Monday, Aug. 07, 1989

Roman Inroads

As if following the path from Rome that was trod by missionaries of long ago, the envoys of the Holy See scored major triumphs in Eastern Europe last week. First, with the remarkable assent of the Kremlin, Pope John Paul II named a new bishop for Belorussia, a Soviet republic that borders Poland. It was the first such appointment in 63 years; the region's last Catholic bishop was sent to prison in 1927. The Pontiff then named three new bishops and regularized the status of a fourth to give hard-line Czechoslovakia its fullest hierarchy since the Communists launched a postwar effort to liquidate Catholicism. Coming only one week after the Holy See established diplomatic ties with Poland, the latest moves point to a growing accommodation between the church and the officially atheistic regimes of the Soviet bloc.

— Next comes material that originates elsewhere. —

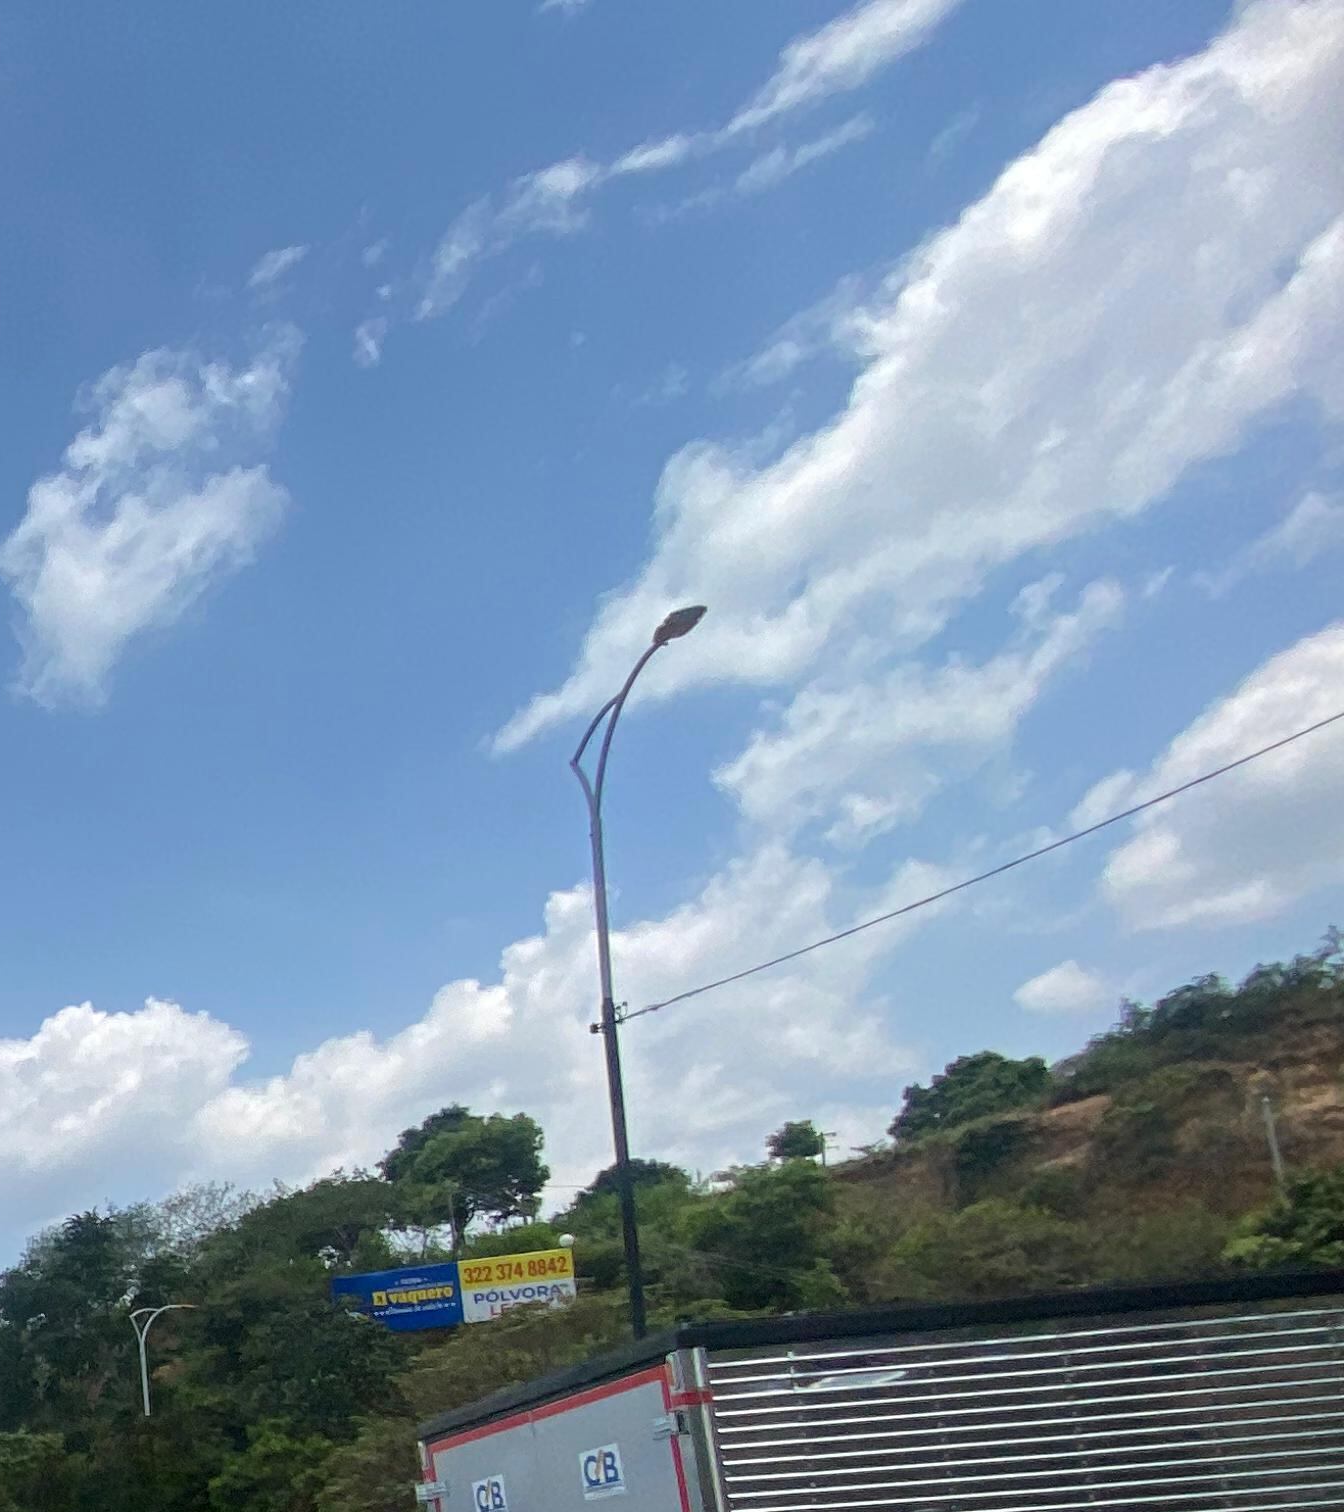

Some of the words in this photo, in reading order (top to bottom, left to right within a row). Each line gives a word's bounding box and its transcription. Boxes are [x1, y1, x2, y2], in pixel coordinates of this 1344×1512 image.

[463, 1266, 492, 1284] 322
[496, 1262, 523, 1281] 374
[528, 1256, 569, 1277] 8842

In Minsk, capital of Belorussia, Tadeusz Kondrusiewicz, 43, was named apostolic administrator (acting bishop under direct Vatican jurisdiction), thus becoming the leader of the republic's 2 million Catholics. Kondrusiewicz, a former architect who attended seminary in Lithuania, has been a priest only since 1981.

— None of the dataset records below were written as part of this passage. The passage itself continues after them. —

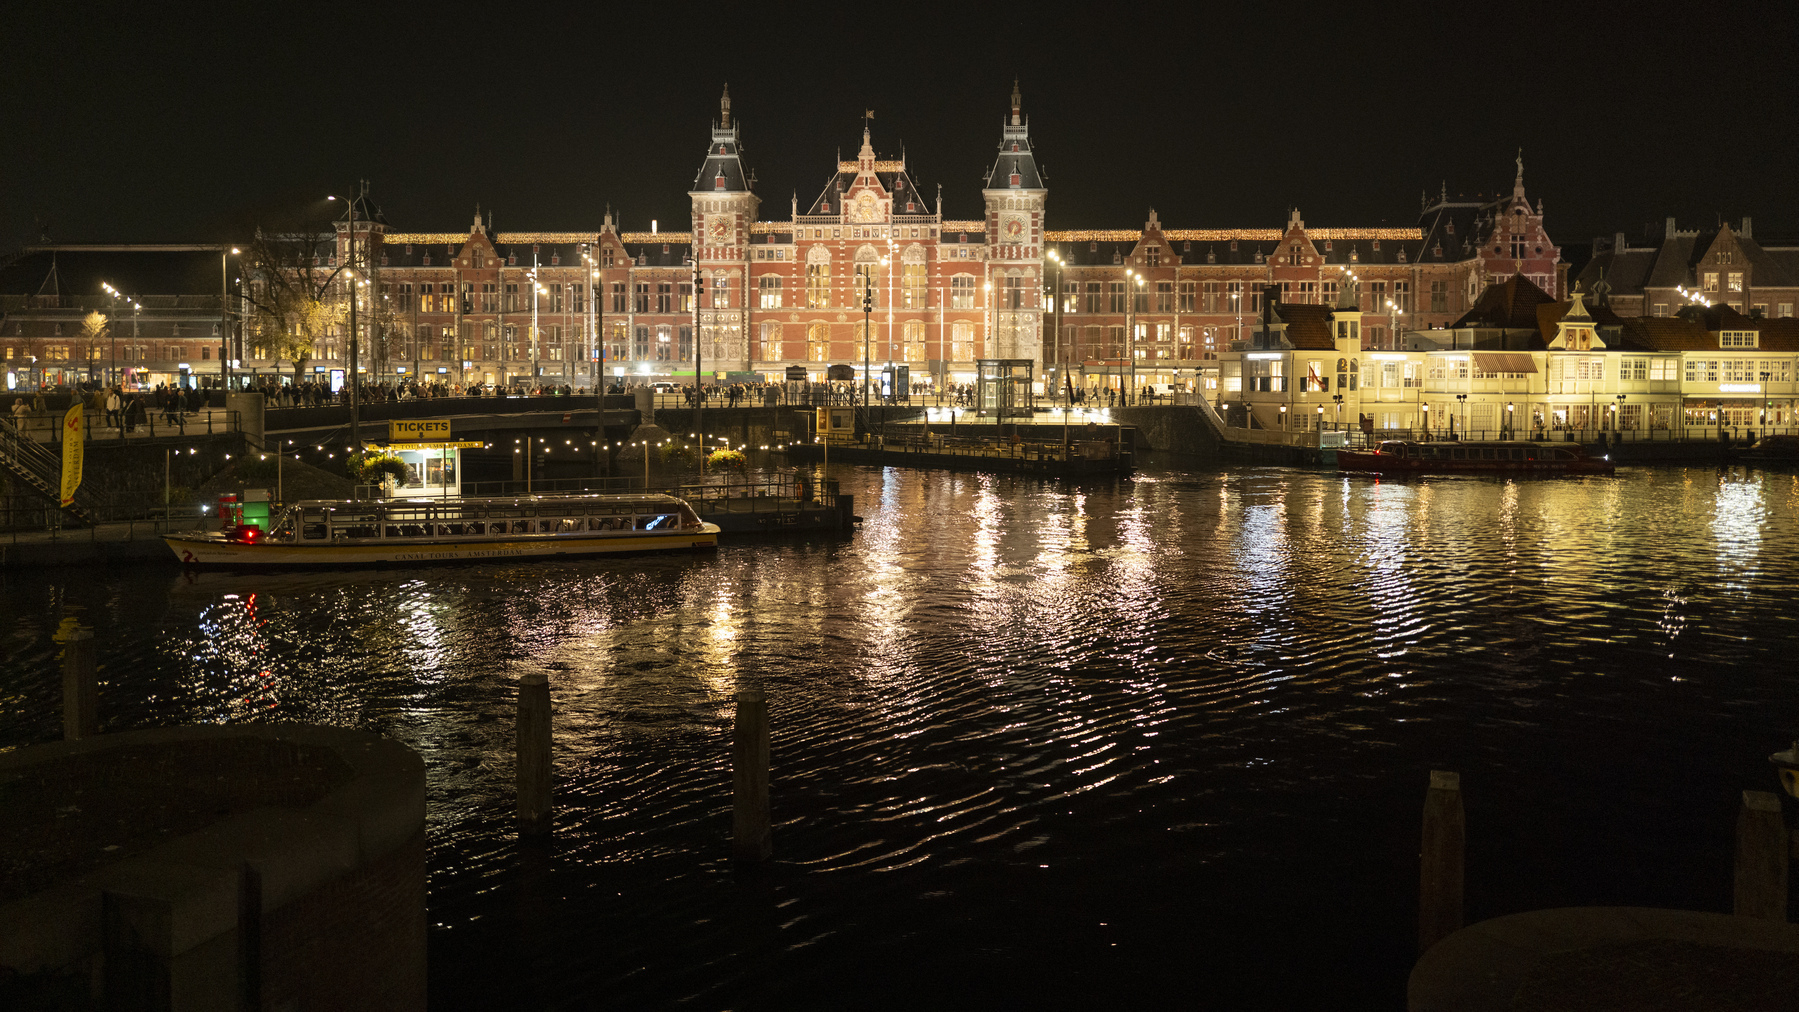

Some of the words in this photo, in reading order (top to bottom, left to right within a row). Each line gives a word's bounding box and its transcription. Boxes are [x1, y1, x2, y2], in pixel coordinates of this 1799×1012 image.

[396, 422, 449, 432] TICKETS
[427, 441, 474, 449] AMSERDAM
[395, 553, 425, 561] CANAL
[430, 551, 459, 559] TOURS
[467, 549, 523, 558] AMSTERDAM

In Czechoslovakia six of the nation's 13 sees are now led by Rome-appointed bishops or apostolic administrators. Restoration of the hierarchy had been stalled for years because the regime wanted bishops tied to a Communist-front "peace" association. Rome refused -- and finally prevailed.

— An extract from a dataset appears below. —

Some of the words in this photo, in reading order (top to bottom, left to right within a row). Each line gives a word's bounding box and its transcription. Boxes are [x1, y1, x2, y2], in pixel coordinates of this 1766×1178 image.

The most dramatic church reforms have occurred in Lithuania. The Kremlin has permitted a nearly complete hierarchy, even though the Vatican refuses to recognize the U.S.S.R.'s 1940 annexation of Lithuania. In 1988 the regime restored the two top churchmen, who between them spent 53 years in internal exile. In March the Pope named three new bishops (the first since World War II) and two apostolic administrators, so that five of the six dioceses have resident leaders.

Lithuania's Catholics have also regained church buildings, established their own bimonthly magazine and, as of three weeks ago, are producing a TV show that is seen each Sunday. The man responsible for the new religious freedoms, Mikhail Gorbachev, will visit Italy in November and is almost certain to pay a historic visit to the Polish Pontiff. It would be the first meeting ever between a Pope and a Soviet leader.